And now I can see it.
Our destination.
A black wall. Towering up to infinity. I cannot fathom what it might signify other than the end. My own. Everyone’s. A cessation of perception. Consciousness.
My mind shorts and reinterprets what I’m seeing into something understandable. An obsidian island. It teems with movement, intricate and variform and seething. I’m reminded of the wood carvings all over the boat. Weird interpretations of the human mind processing the incomprehensible.
This is what they wanted to bring into our world, Royston and the German. This was what they wanted to set free through their fucking ritual.
I become aware of something here on the deck with me.

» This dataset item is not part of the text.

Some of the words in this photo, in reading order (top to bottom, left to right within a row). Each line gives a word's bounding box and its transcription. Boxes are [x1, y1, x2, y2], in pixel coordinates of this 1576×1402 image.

Bliss, it says. Everlasting, fervent bliss. That is what I interpret but that’s not really what it says. I’m not sure how sound waves travel here, in this place. Everything is muted and duller than home. Home—our reality—seems to me now like a ripe peach. A spoonful of sorbet. A fresh and cold drink of vodka, intoxicating.

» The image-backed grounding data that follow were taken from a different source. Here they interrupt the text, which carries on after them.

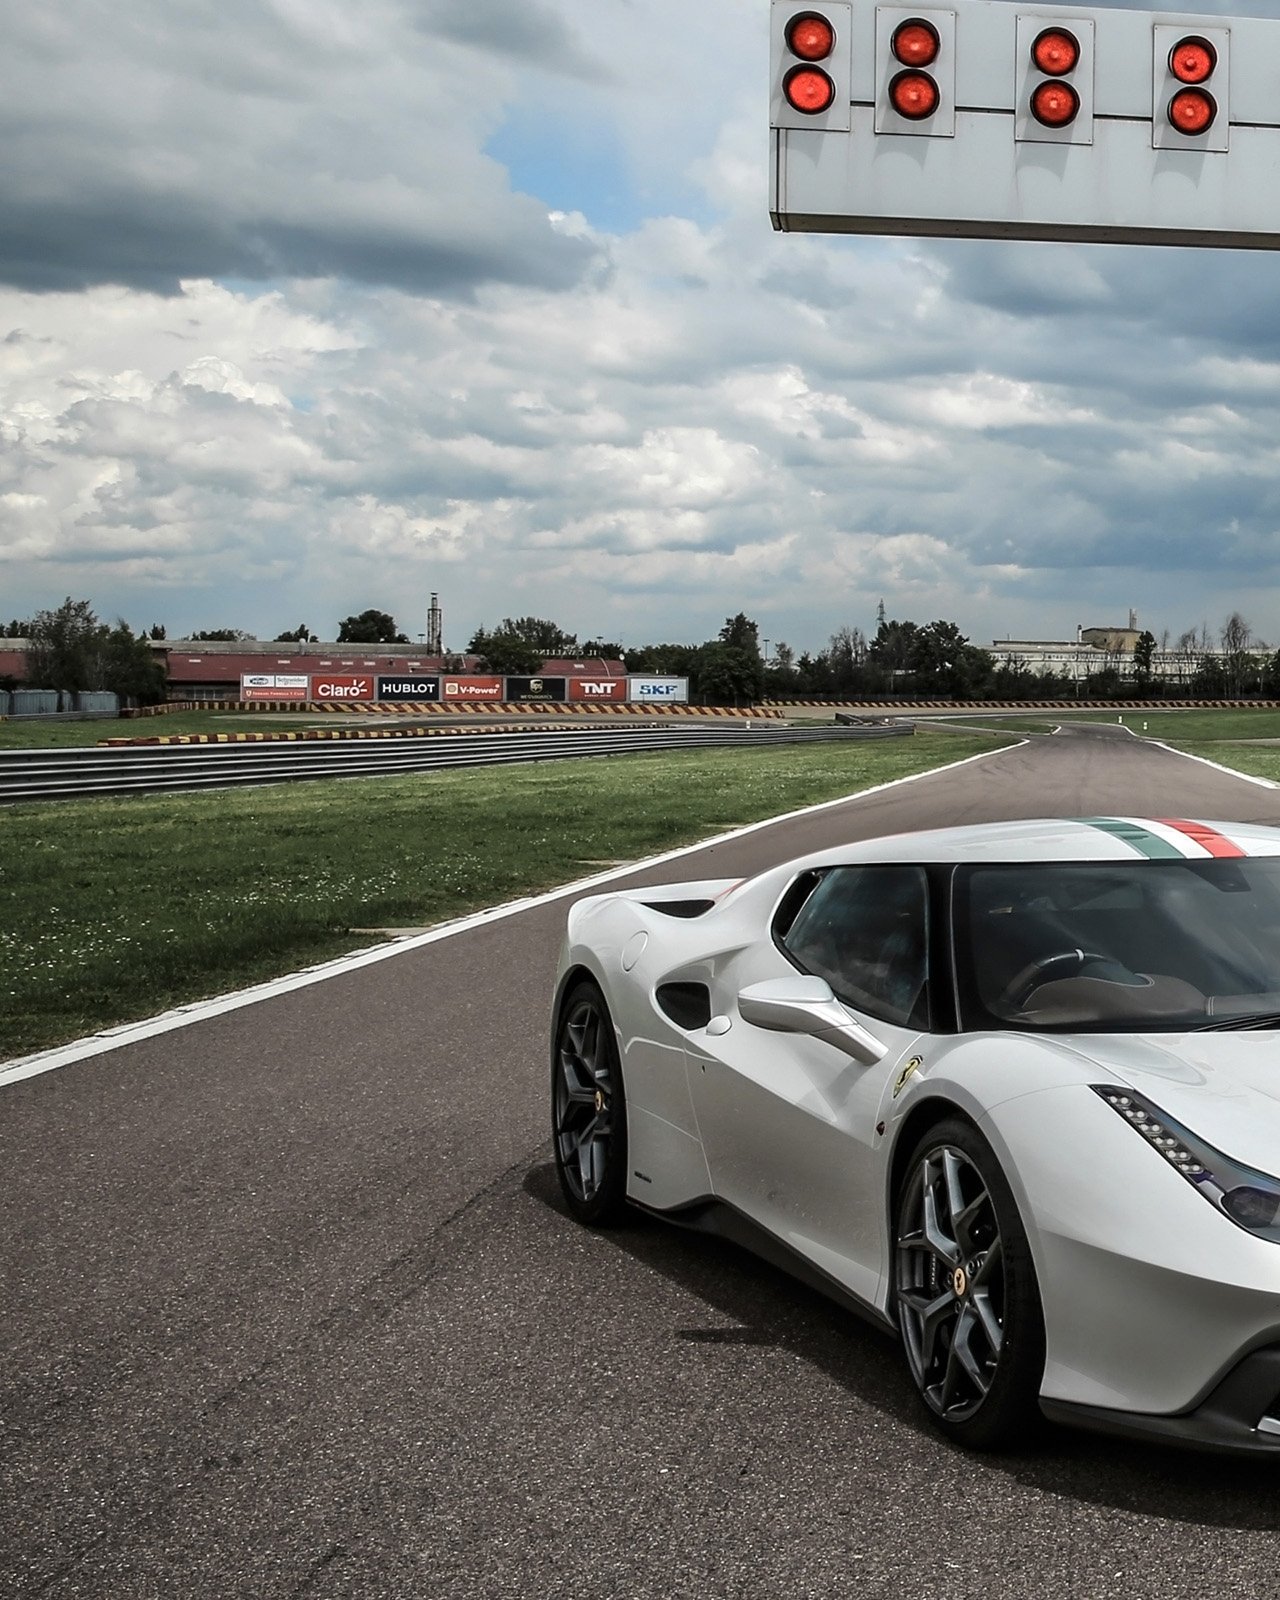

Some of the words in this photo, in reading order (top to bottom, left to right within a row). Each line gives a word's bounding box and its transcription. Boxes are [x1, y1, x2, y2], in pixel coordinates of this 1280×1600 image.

[318, 683, 361, 697] Claro
[382, 683, 436, 693] HUBLOT
[460, 685, 498, 694] V-Power
[580, 682, 617, 694] TNT
[639, 685, 678, 695] SKF

Sensations of speech continue. The black tongue. My gods.
Ecstasy. Rapture. Constant and never-changing. I will bestow upon you this if you will just be my witness.
Near the main mast where the canvas hangs in tatters from the storm, a shadow grows. Jesus H. This guy just does not stop.
“I got some bad news for you, homeboy,” I say, finally deciding on what I will do. The wake is a tether, Seabees had said. And what do you do with tethers?
You cut them.
I don’t like it, but here we are.
I should’ve gotten in that boat with Loick, the fucking big galoot.
Here we go.
…
Back down below. There’s a relief in entering the salon and it’s the respite from viewing the horizon, the waves. The boiling obsidian island. The struggle of the mind to conjure images from the oblivion of sensation.
I’ll have to go back into the bilge. This time I come at it from here in the salon, and it’s much easier but still nasty as hell. The whiff of death has turned to a wall of fumes—big, meaty rot.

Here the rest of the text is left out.